Statement 1. A method for verifying deletion of a record r in a multi-tier memory system comprising at least two memory tiers, the method comprising:
(a) for each memory tier Ti, computing a mutual-information estimate I_est(r ; S_Ti_post) between the deleted record r and a post-deletion state S_Ti_post of that memory tier, using an estimator selected from a family comprising at least Kraskov-Stögbauer-Grassberger, MINE, InfoNCE, BMA-MI, and CMI-NN;
(b) for each memory tier Ti, comparing the estimate against a tier-specific threshold θ_Ti derived from a sensitivity classification of data stored in that memory tier;
(c) emitting a trigger from a trigger family comprising at least re-training, re-indexing, fallback-to-purge, and regulatory escalation, when the estimate exceeds the threshold for at least one memory tier; and
(d) emitting a verification result.
Statement 2. The method according to Statement 1, wherein the sensitivity classification is derived from at least one of: EU AI Act Annex III, GDPR Article 9, ISO/IEC 27701:2019, NIST SP 800-60, HIPAA, PSD2, MiFID II, or an operator-defined custom scheme.

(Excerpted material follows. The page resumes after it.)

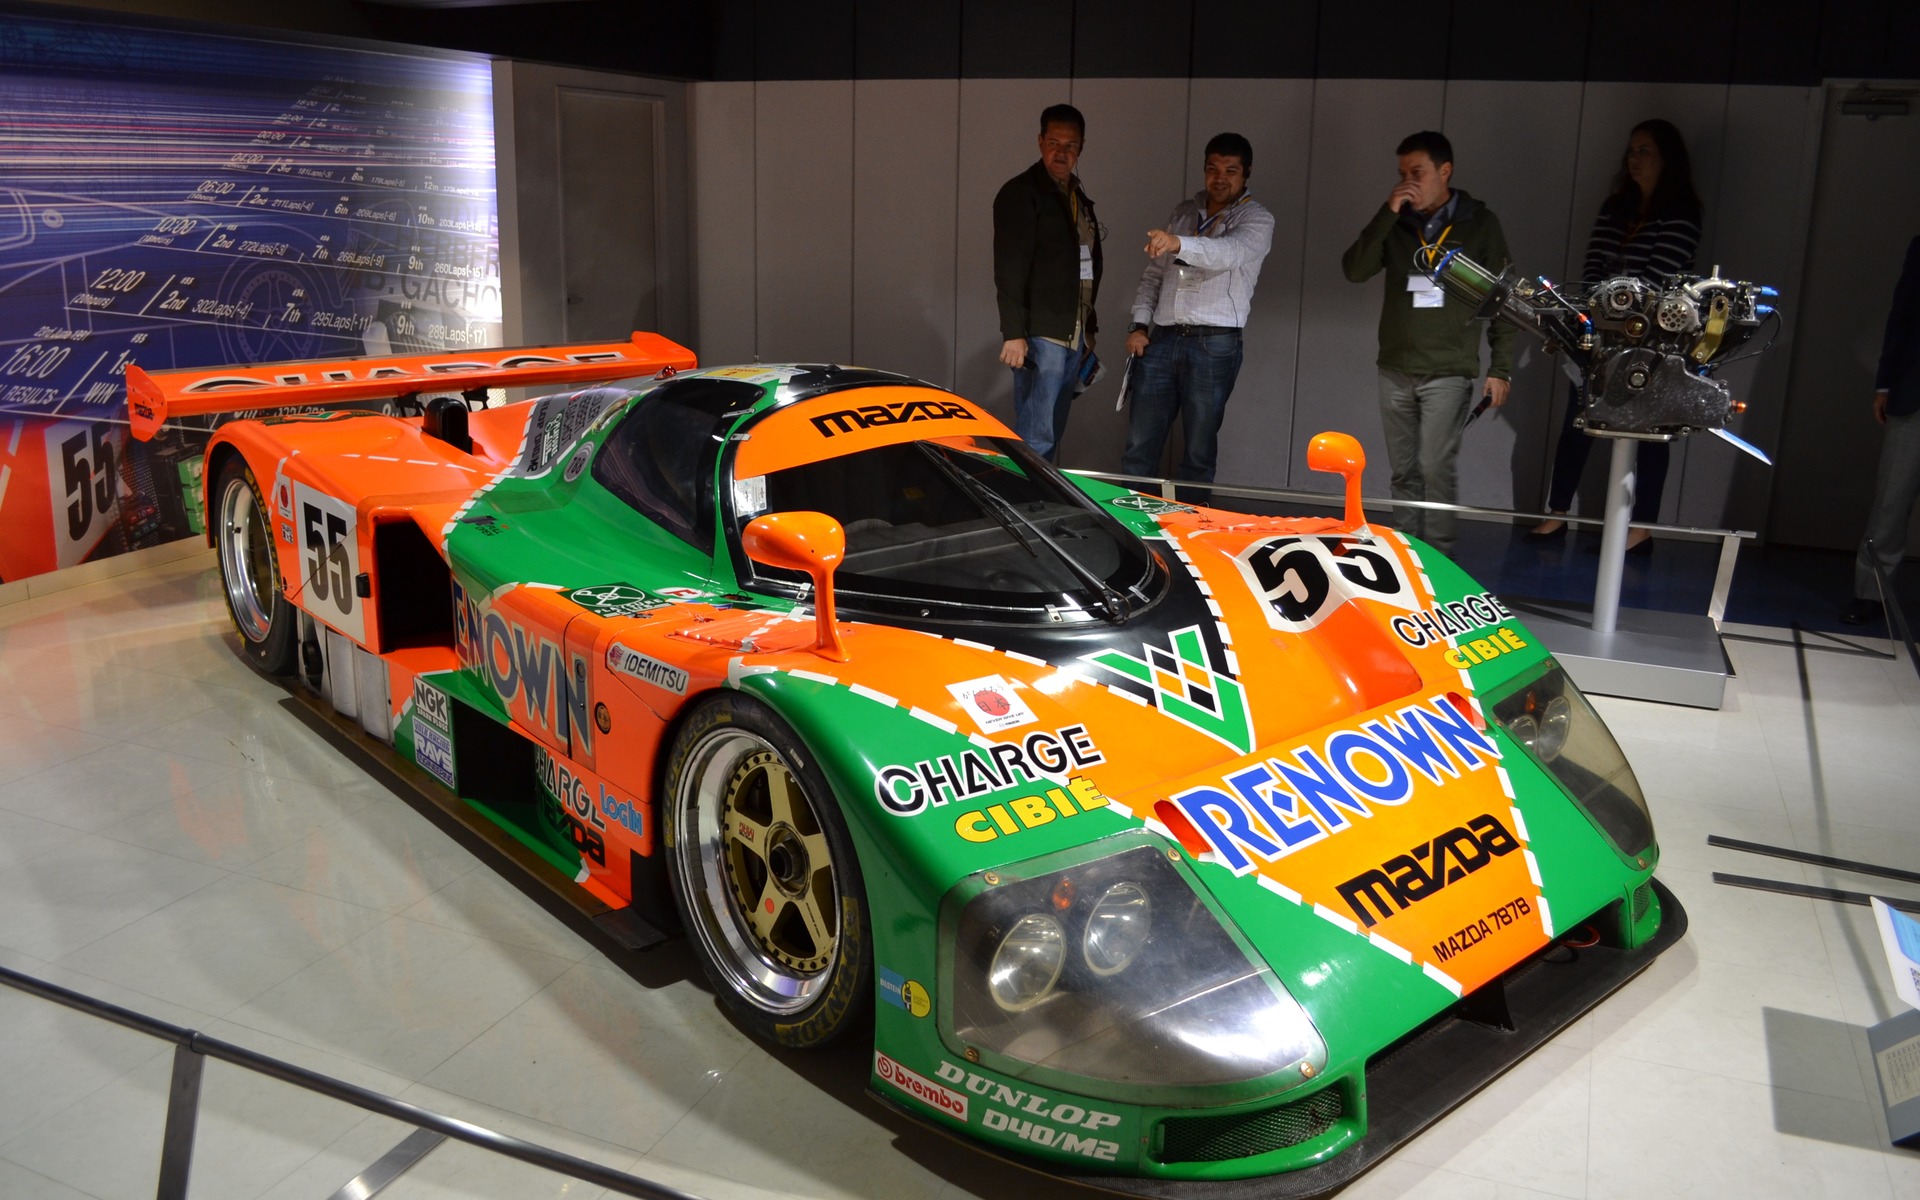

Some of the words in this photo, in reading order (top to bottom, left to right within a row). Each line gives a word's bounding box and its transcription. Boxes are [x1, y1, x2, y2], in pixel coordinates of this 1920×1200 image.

Statement 3. The method according to Statement 1 or 2, wherein the threshold θ_Ti is derived statically, dynamically, or via reinforcement learning against an operator-defined reward signal reflecting compliance audit feedback.
Statement 4. The method according to any of Statements 1 to 3, wherein the estimator is a single estimator or an ensemble of multiple estimators aggregated via mean, median, or worst-case aggregation.
Statement 5. The method according to any of Statements 1 to 4, wherein the trigger is emitted at any of per-tier, per-record, per-batch, or per-time-window granularity.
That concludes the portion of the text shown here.